Exercise description
Without including any pictures, write out all the records word for word.

Free-text object descriptions:

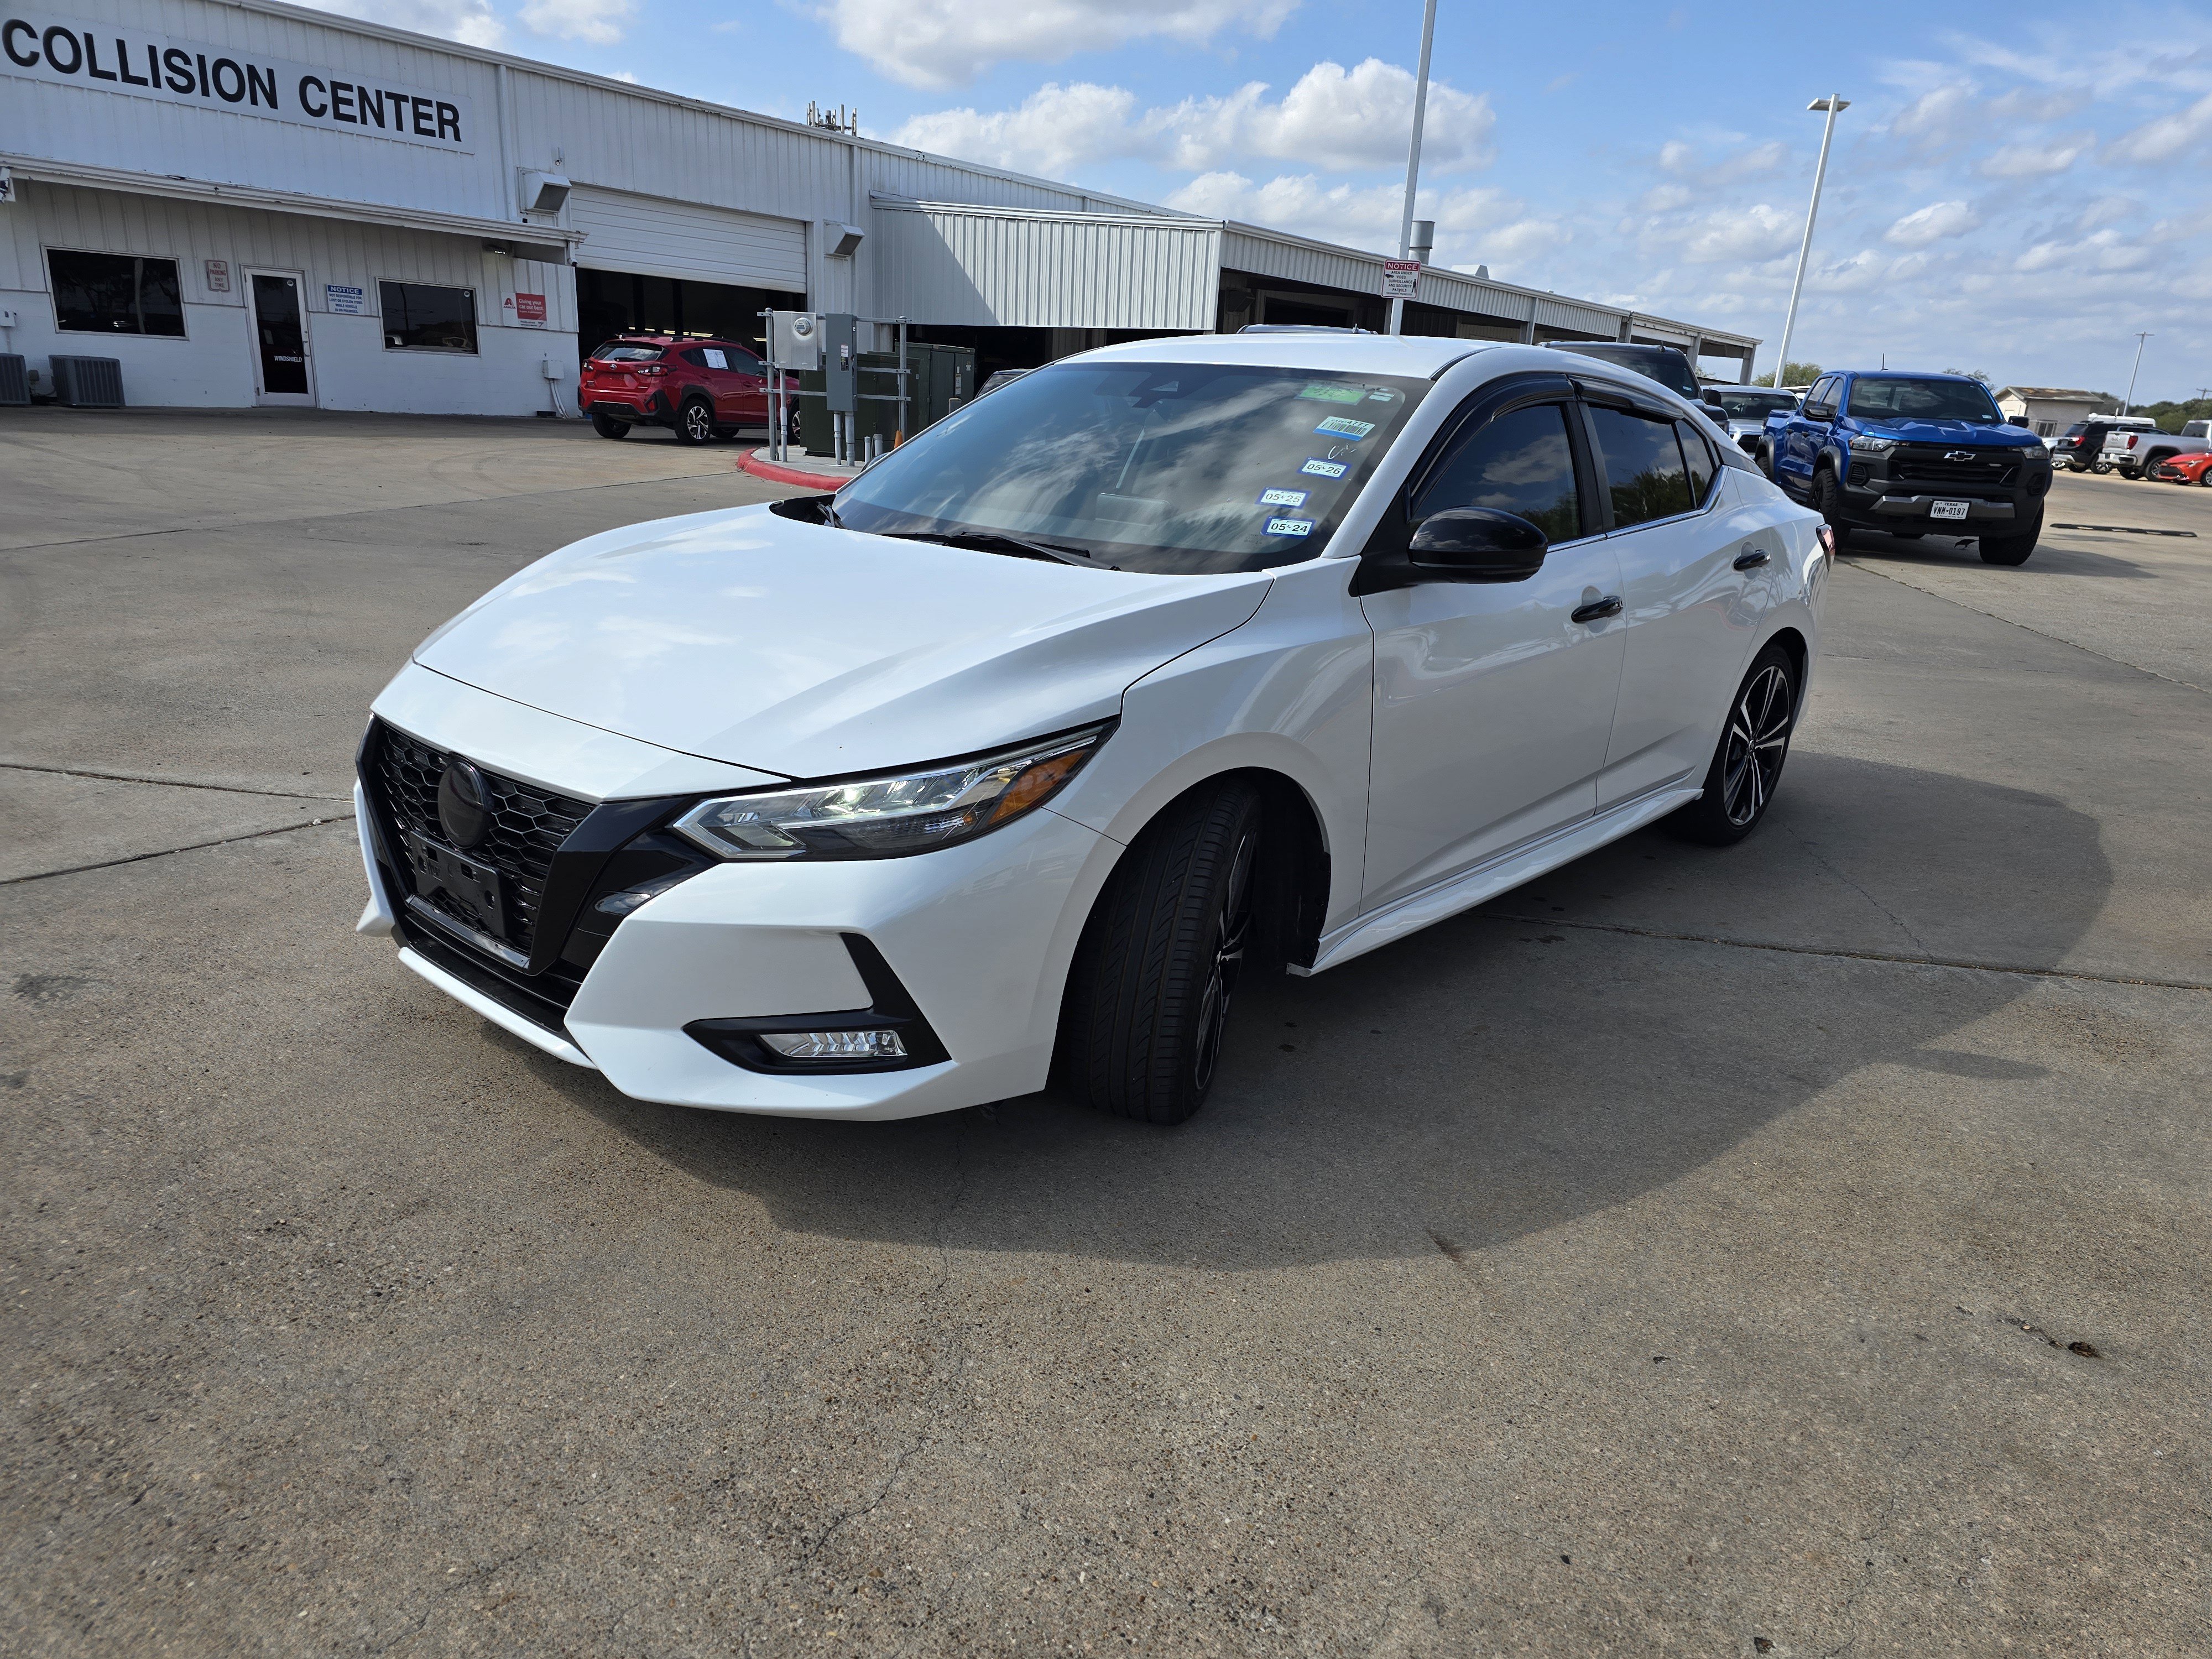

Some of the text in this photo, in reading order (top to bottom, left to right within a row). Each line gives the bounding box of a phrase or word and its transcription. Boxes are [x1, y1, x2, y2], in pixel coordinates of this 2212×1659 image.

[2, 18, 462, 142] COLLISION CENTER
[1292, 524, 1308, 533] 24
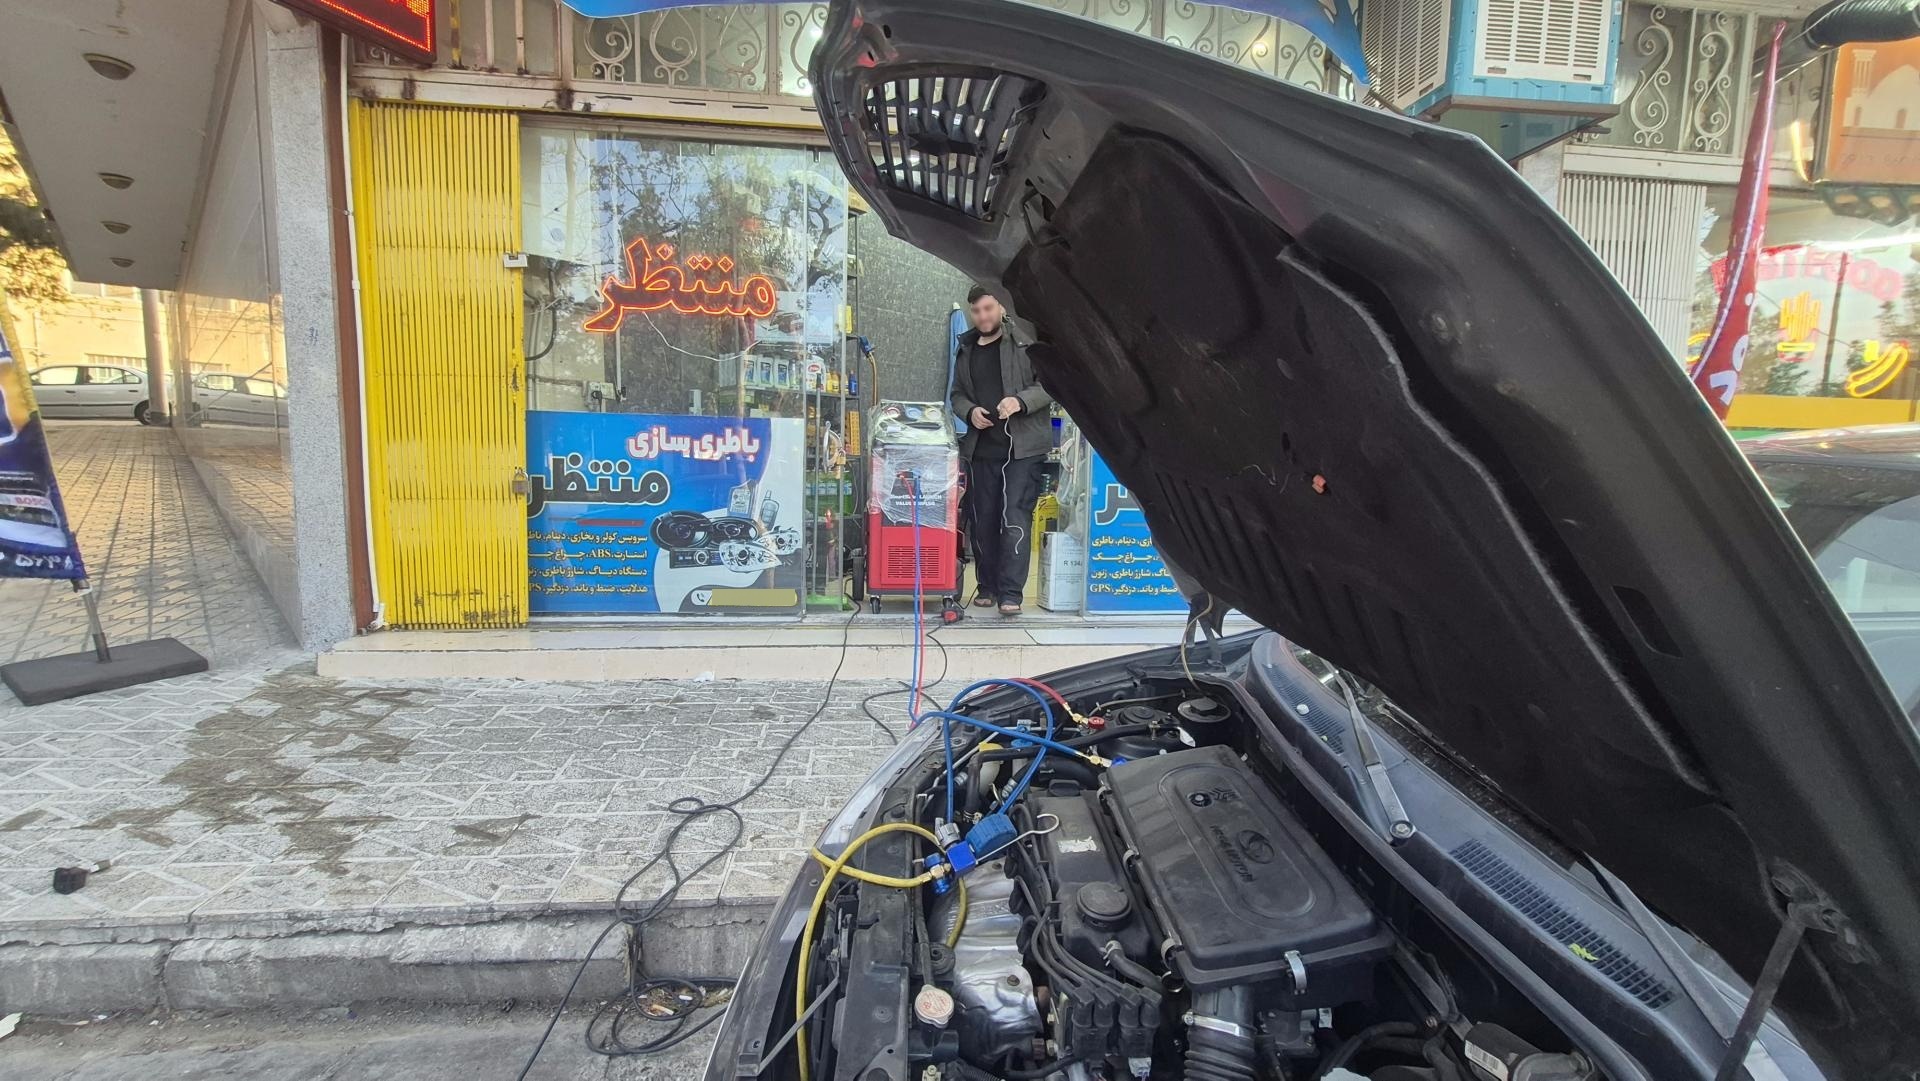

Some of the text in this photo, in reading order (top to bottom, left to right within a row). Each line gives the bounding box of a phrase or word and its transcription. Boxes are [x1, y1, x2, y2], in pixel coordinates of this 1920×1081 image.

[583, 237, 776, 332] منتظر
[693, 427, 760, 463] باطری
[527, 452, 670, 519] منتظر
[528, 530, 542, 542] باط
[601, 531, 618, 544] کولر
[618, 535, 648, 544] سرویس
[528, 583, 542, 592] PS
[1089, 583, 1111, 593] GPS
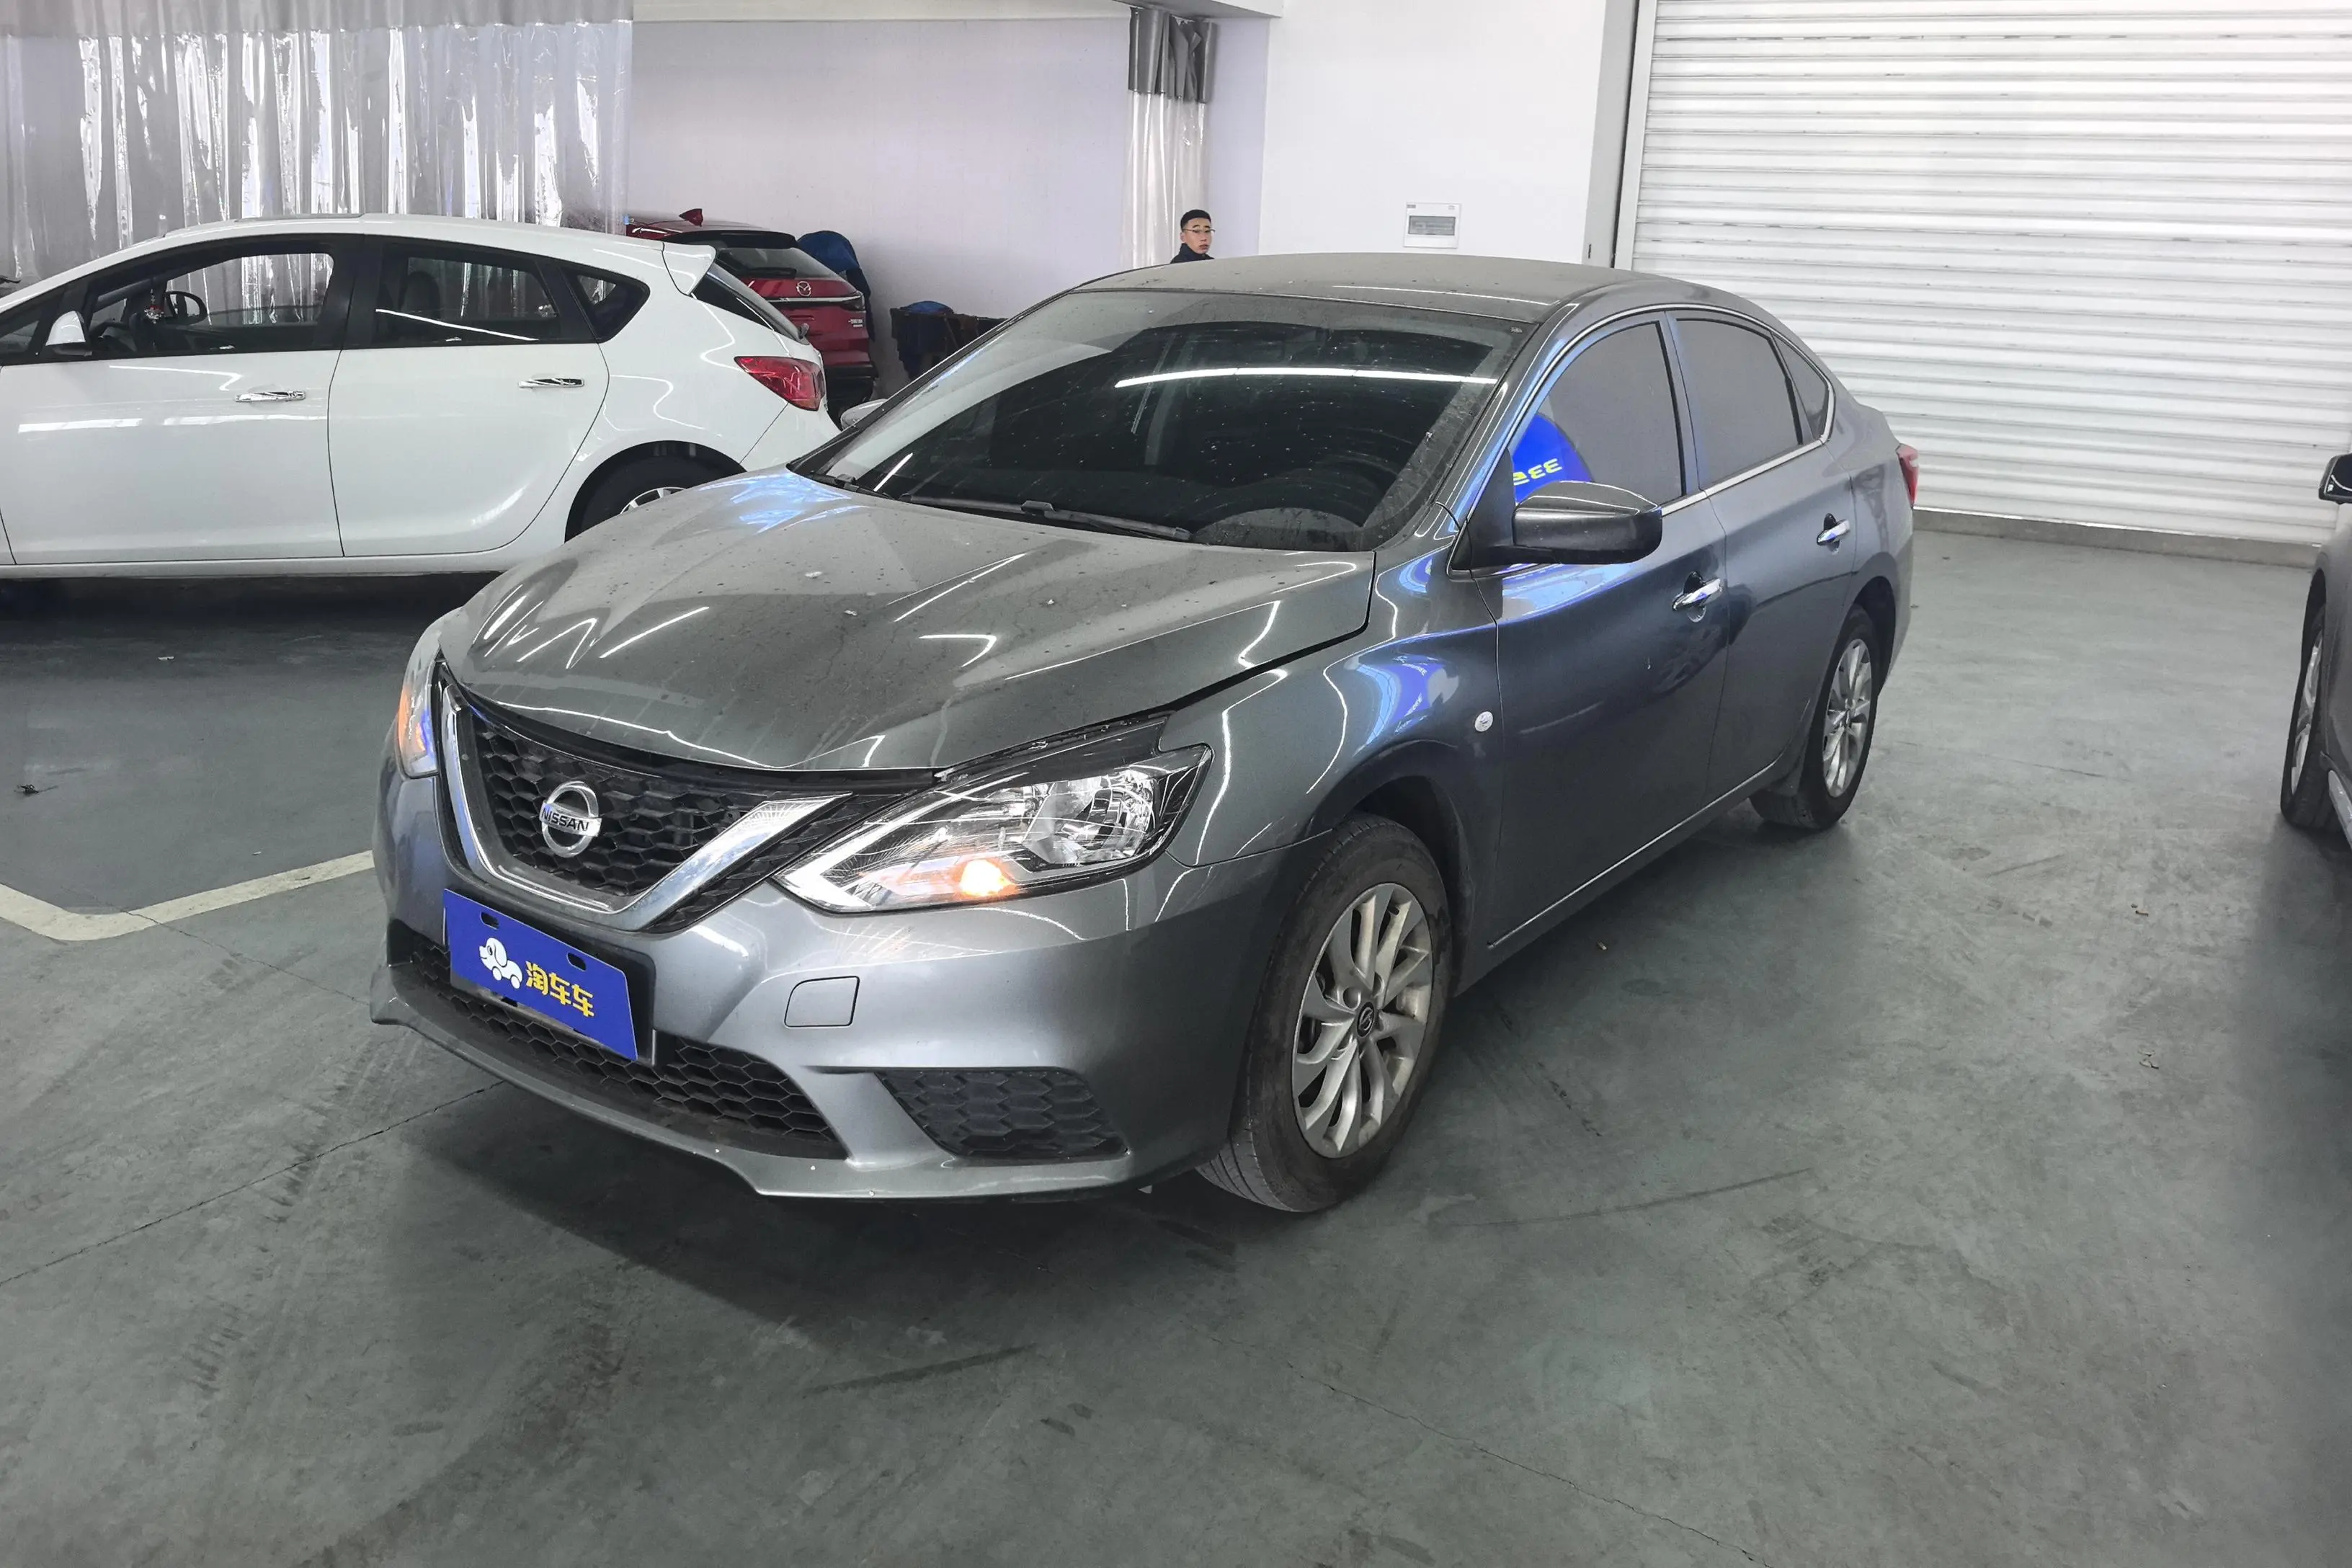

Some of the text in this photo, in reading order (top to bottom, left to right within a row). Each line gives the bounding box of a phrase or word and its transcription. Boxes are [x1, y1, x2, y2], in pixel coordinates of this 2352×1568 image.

Answer to this task
Some of the text in this photo, in reading order (top to bottom, left to right within a row). Each line gives the bounding box of a phrase or word and its transcription. Boxes are [x1, y1, x2, y2], in pixel coordinates of this 2212×1659 image.

[2, 18, 462, 142] COLLISION CENTER
[1292, 524, 1308, 533] 24

Some of the text in this photo, in reading order (top to bottom, left to right within a row). Each line gives the bounding box of a phrase or word and its transcription. Boxes are [x1, y1, x2, y2], in pixel coordinates of this 1920×1081 image.

[583, 237, 776, 332] منتظر
[693, 427, 760, 463] باطری
[527, 452, 670, 519] منتظر
[528, 530, 542, 542] باط
[601, 531, 618, 544] کولر
[618, 535, 648, 544] سرویس
[528, 583, 542, 592] PS
[1089, 583, 1111, 593] GPS

Some of the text in this photo, in reading order (top to bottom, left to right within a row). Each line gives the bounding box of a phrase or word and its transcription. Boxes are [x1, y1, x2, y2], in pixel coordinates of this 2352×1568 image.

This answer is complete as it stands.